[YOUR INSTRUCTIONS]
Images are not wanted; transcribe the rest of the listing exactly.

[PROVIDED ENTRIES]
<<<<

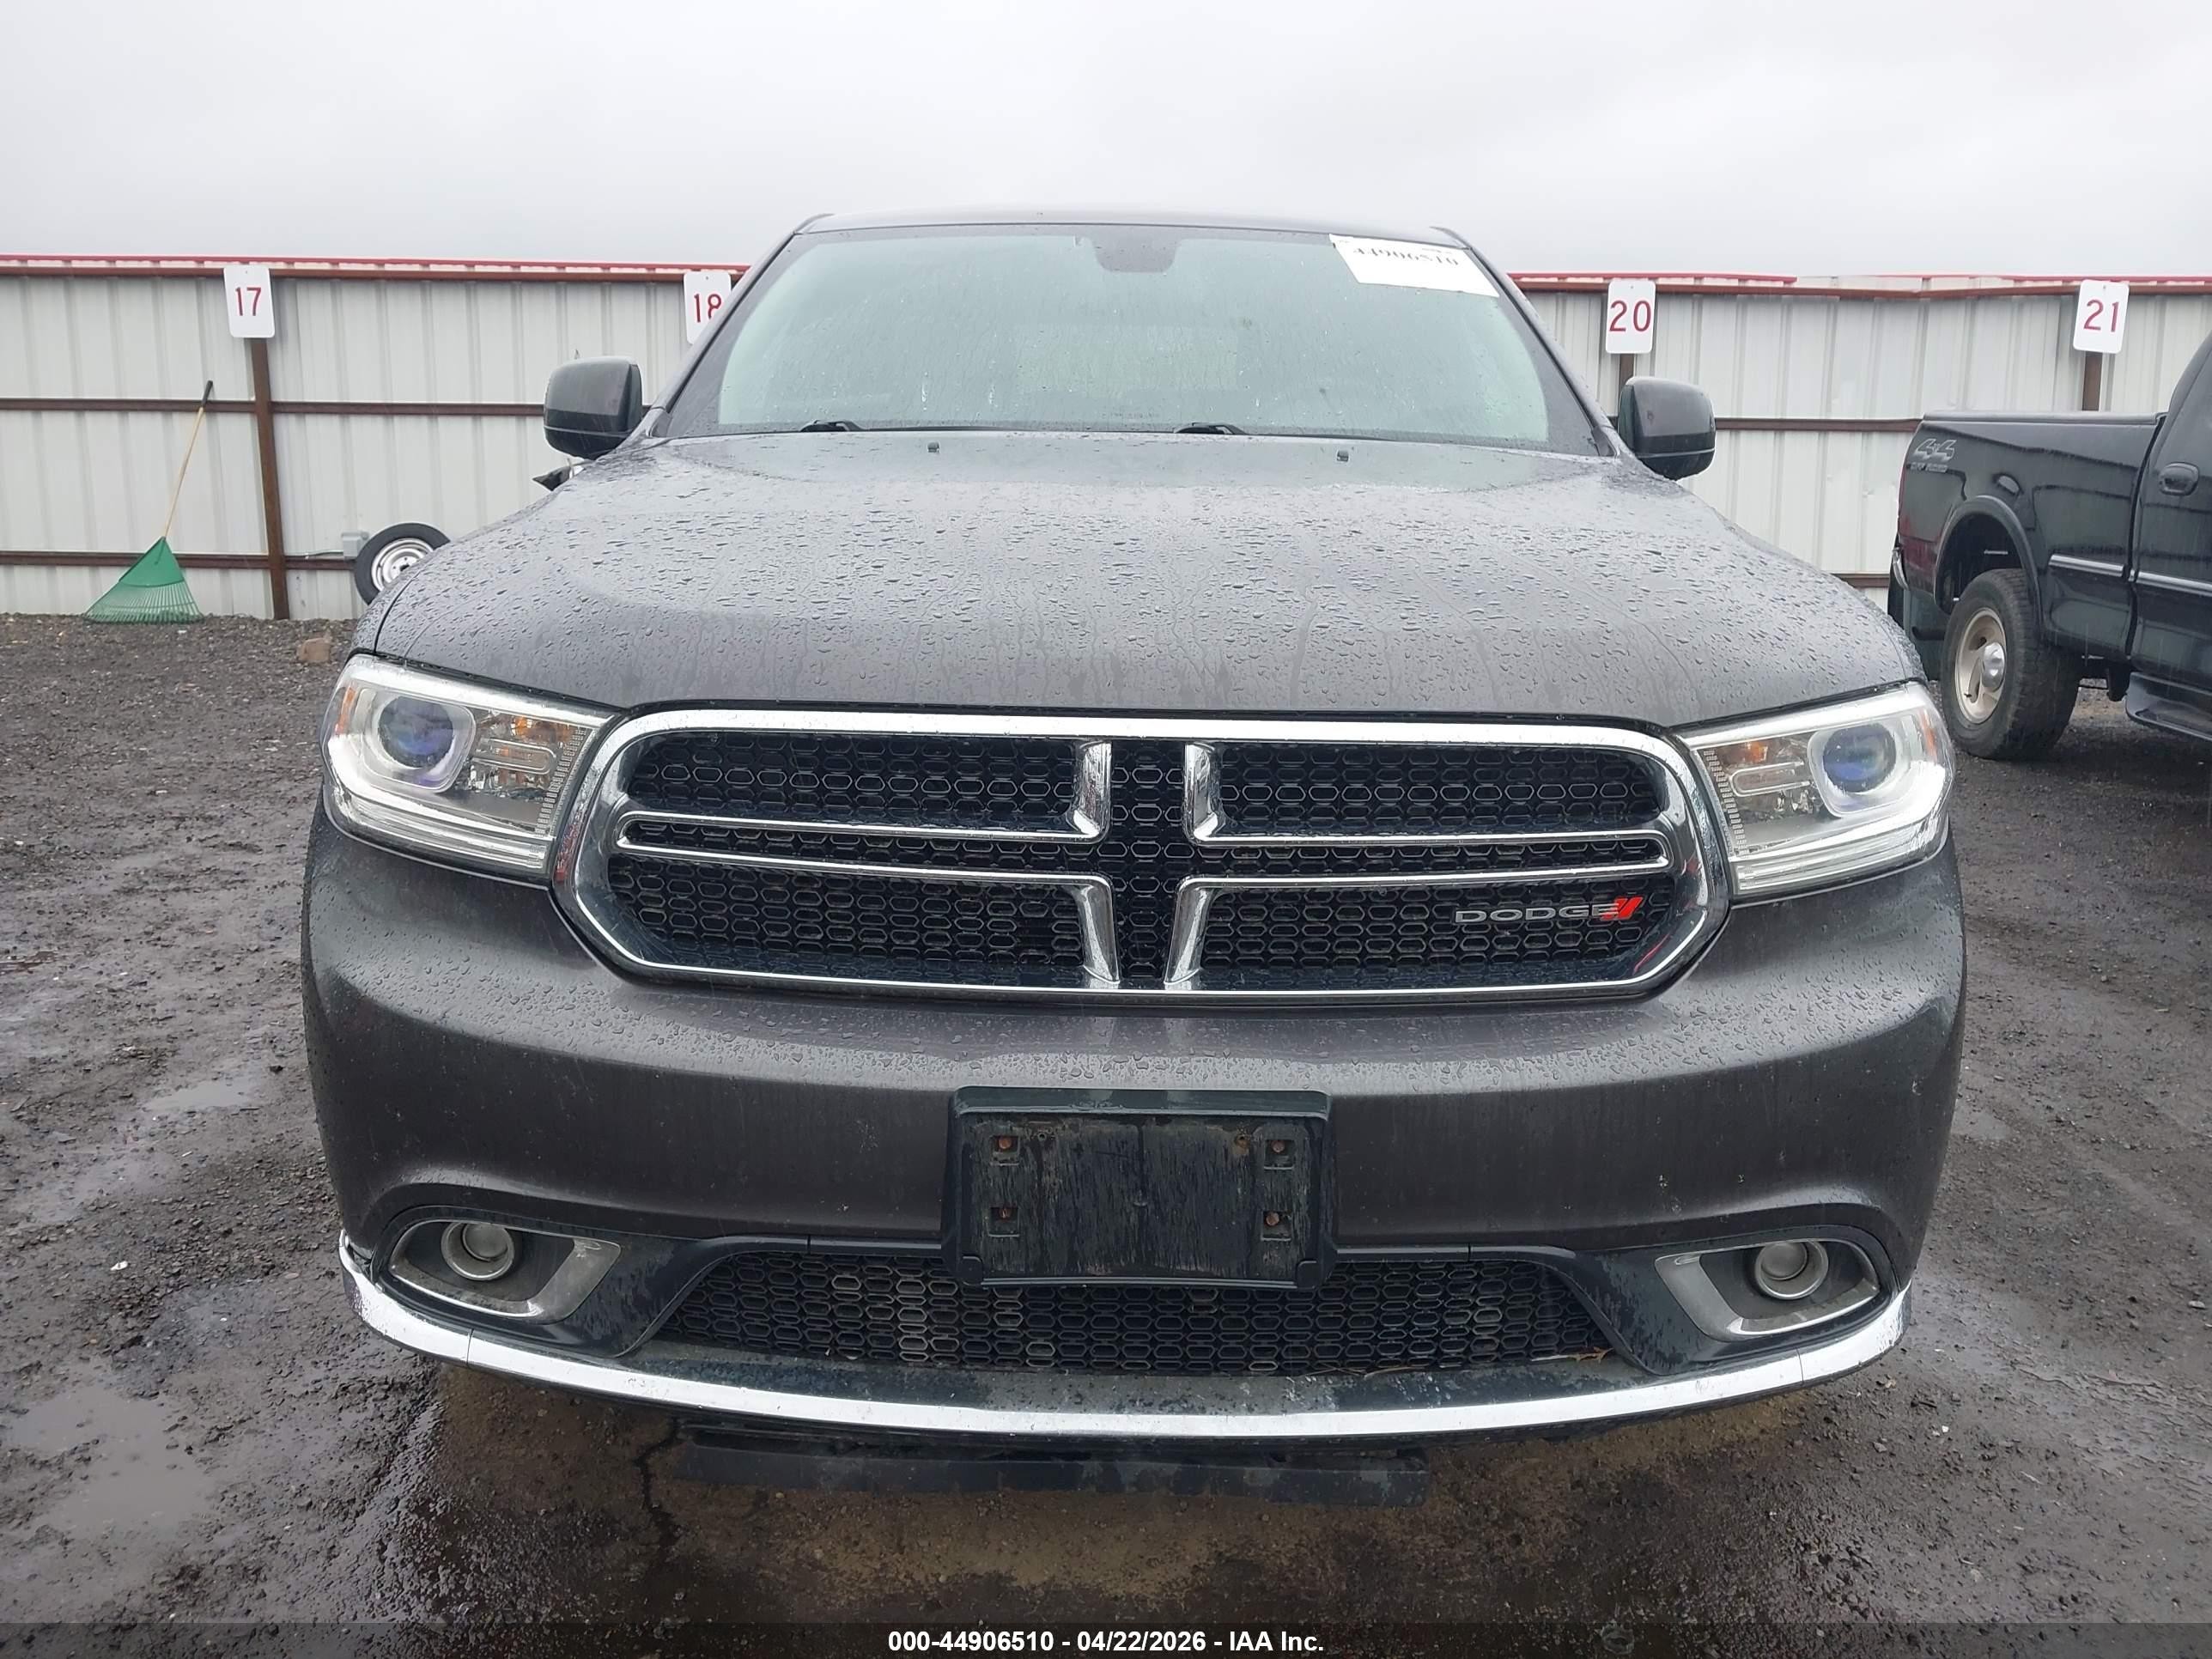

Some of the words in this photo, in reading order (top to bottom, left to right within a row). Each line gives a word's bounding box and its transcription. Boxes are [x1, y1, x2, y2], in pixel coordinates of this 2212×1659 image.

[235, 287, 262, 316] 17
[694, 293, 722, 323] 18
[1609, 300, 1651, 332] 20
[2083, 299, 2119, 332] 21
[1913, 438, 1957, 461] 4x4
[1455, 902, 1620, 923] DODGE

>>>>

[EXPECTED ANSWER]
Some of the words in this photo, in reading order (top to bottom, left to right within a row). Each line gives a word's bounding box and its transcription. Boxes are [x1, y1, x2, y2], in pixel coordinates of this 2212×1659 image.

[235, 287, 262, 316] 17
[694, 293, 722, 323] 18
[1609, 300, 1651, 332] 20
[2083, 299, 2119, 332] 21
[1913, 438, 1957, 461] 4x4
[1455, 902, 1620, 923] DODGE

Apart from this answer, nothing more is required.